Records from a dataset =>
=-=-=

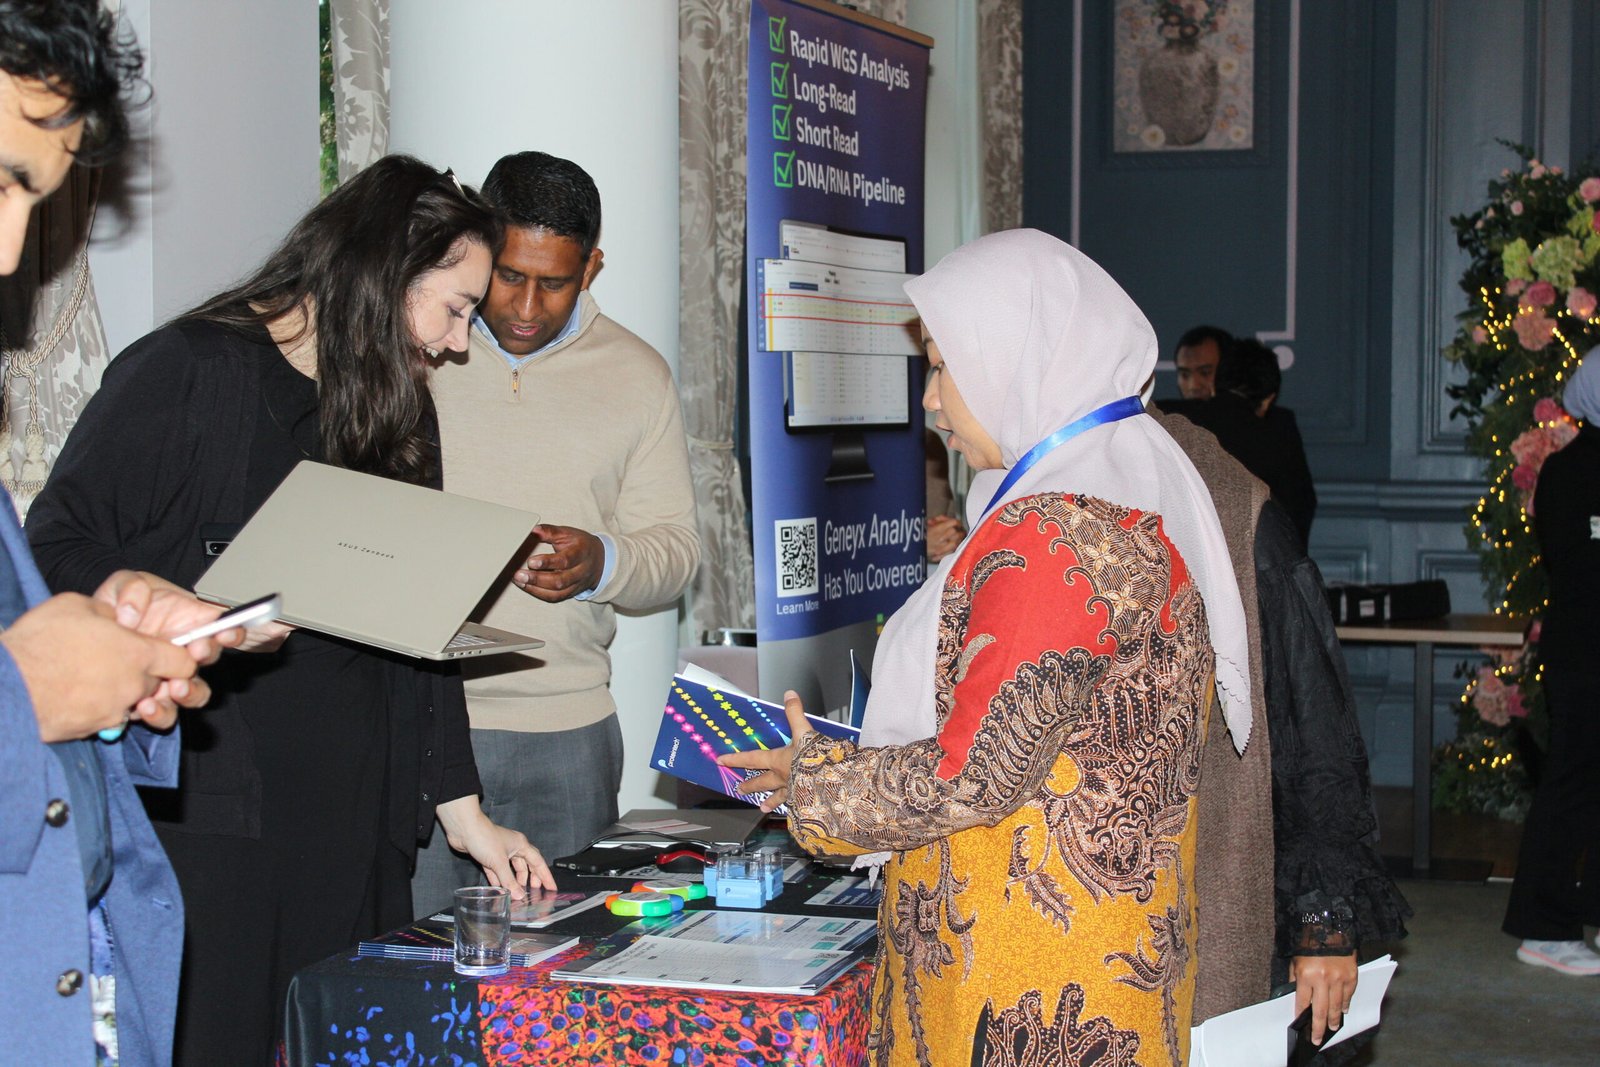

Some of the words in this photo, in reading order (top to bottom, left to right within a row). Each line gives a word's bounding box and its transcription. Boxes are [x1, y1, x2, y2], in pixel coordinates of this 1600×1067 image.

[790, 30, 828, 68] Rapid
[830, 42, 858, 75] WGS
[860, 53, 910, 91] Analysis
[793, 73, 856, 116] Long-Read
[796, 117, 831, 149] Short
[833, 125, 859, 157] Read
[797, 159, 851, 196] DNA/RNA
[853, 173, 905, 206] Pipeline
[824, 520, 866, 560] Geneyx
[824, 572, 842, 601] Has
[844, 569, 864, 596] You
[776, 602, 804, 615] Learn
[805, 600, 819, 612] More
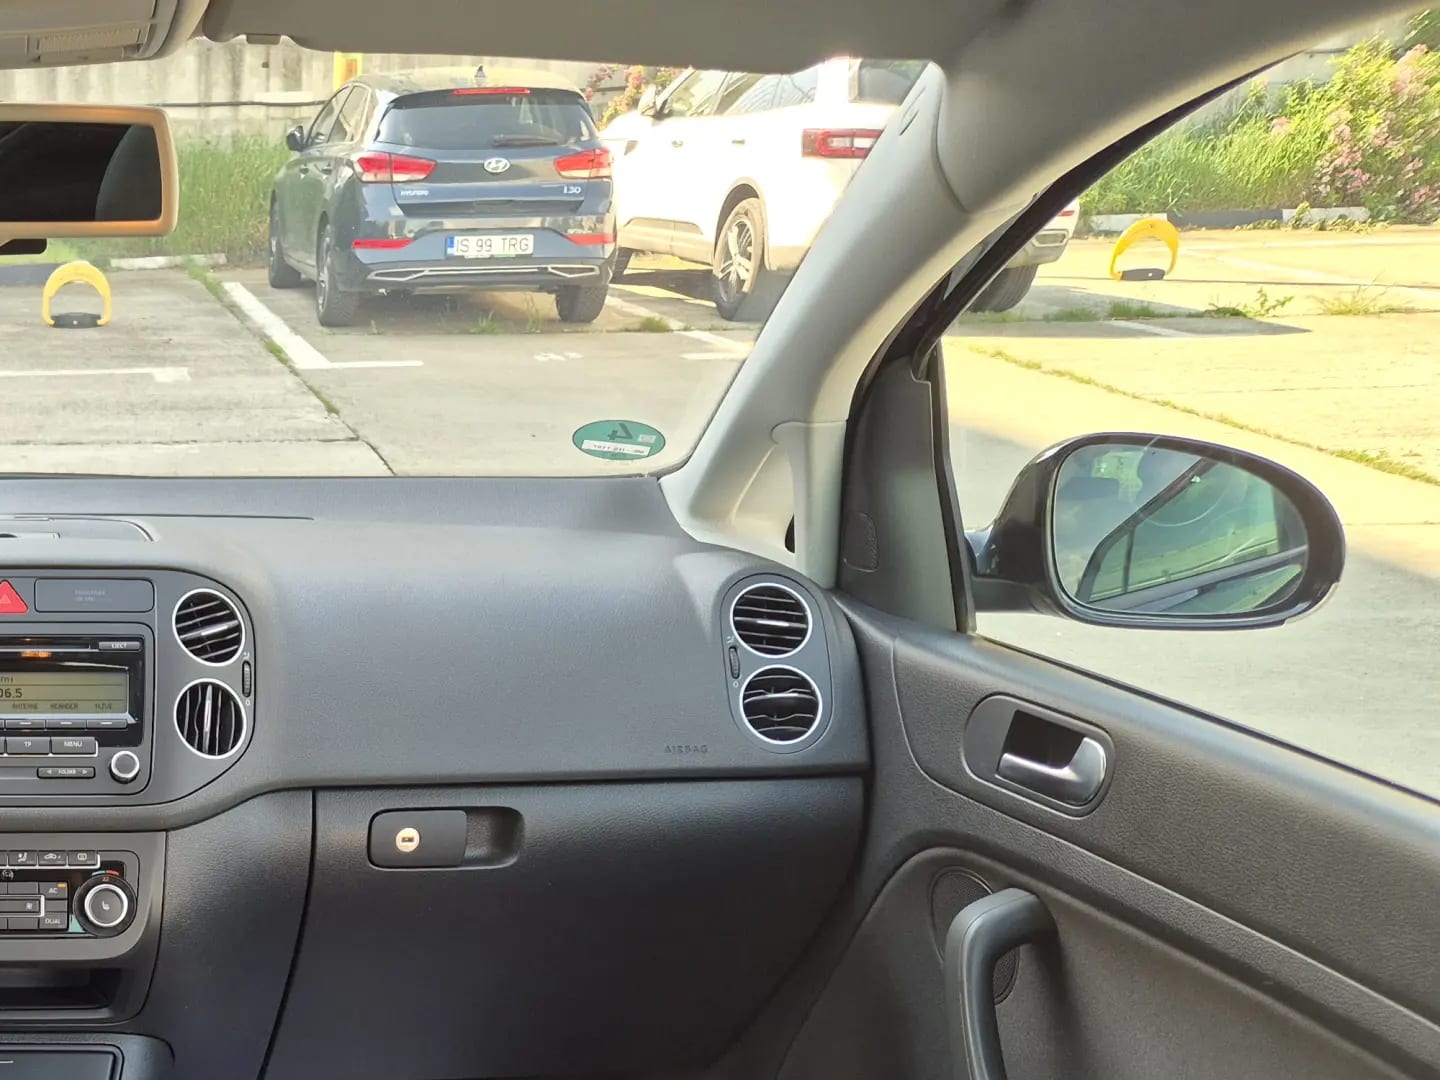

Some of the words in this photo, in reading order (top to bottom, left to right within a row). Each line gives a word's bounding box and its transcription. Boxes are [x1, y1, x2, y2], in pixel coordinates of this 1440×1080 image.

=-=-=

EXERCISE AIM => Quote the records in their entirety, keeping the wording exact and excluding pictures.

RESULT FOR THIS TASK =>
Some of the words in this photo, in reading order (top to bottom, left to right within a row). Each line gives a word's bounding box and its transcription. Boxes are [x1, y1, x2, y2], in pixel coordinates of this 1600×1067 image.

[790, 30, 828, 68] Rapid
[830, 42, 858, 75] WGS
[860, 53, 910, 91] Analysis
[793, 73, 856, 116] Long-Read
[796, 117, 831, 149] Short
[833, 125, 859, 157] Read
[797, 159, 851, 196] DNA/RNA
[853, 173, 905, 206] Pipeline
[824, 520, 866, 560] Geneyx
[824, 572, 842, 601] Has
[844, 569, 864, 596] You
[776, 602, 804, 615] Learn
[805, 600, 819, 612] More

Some of the words in this photo, in reading order (top to bottom, left to right within a row). Each line gives a word's bounding box and its transcription. Boxes are [x1, y1, x2, y2], in pixel coordinates of this 1440×1080 image.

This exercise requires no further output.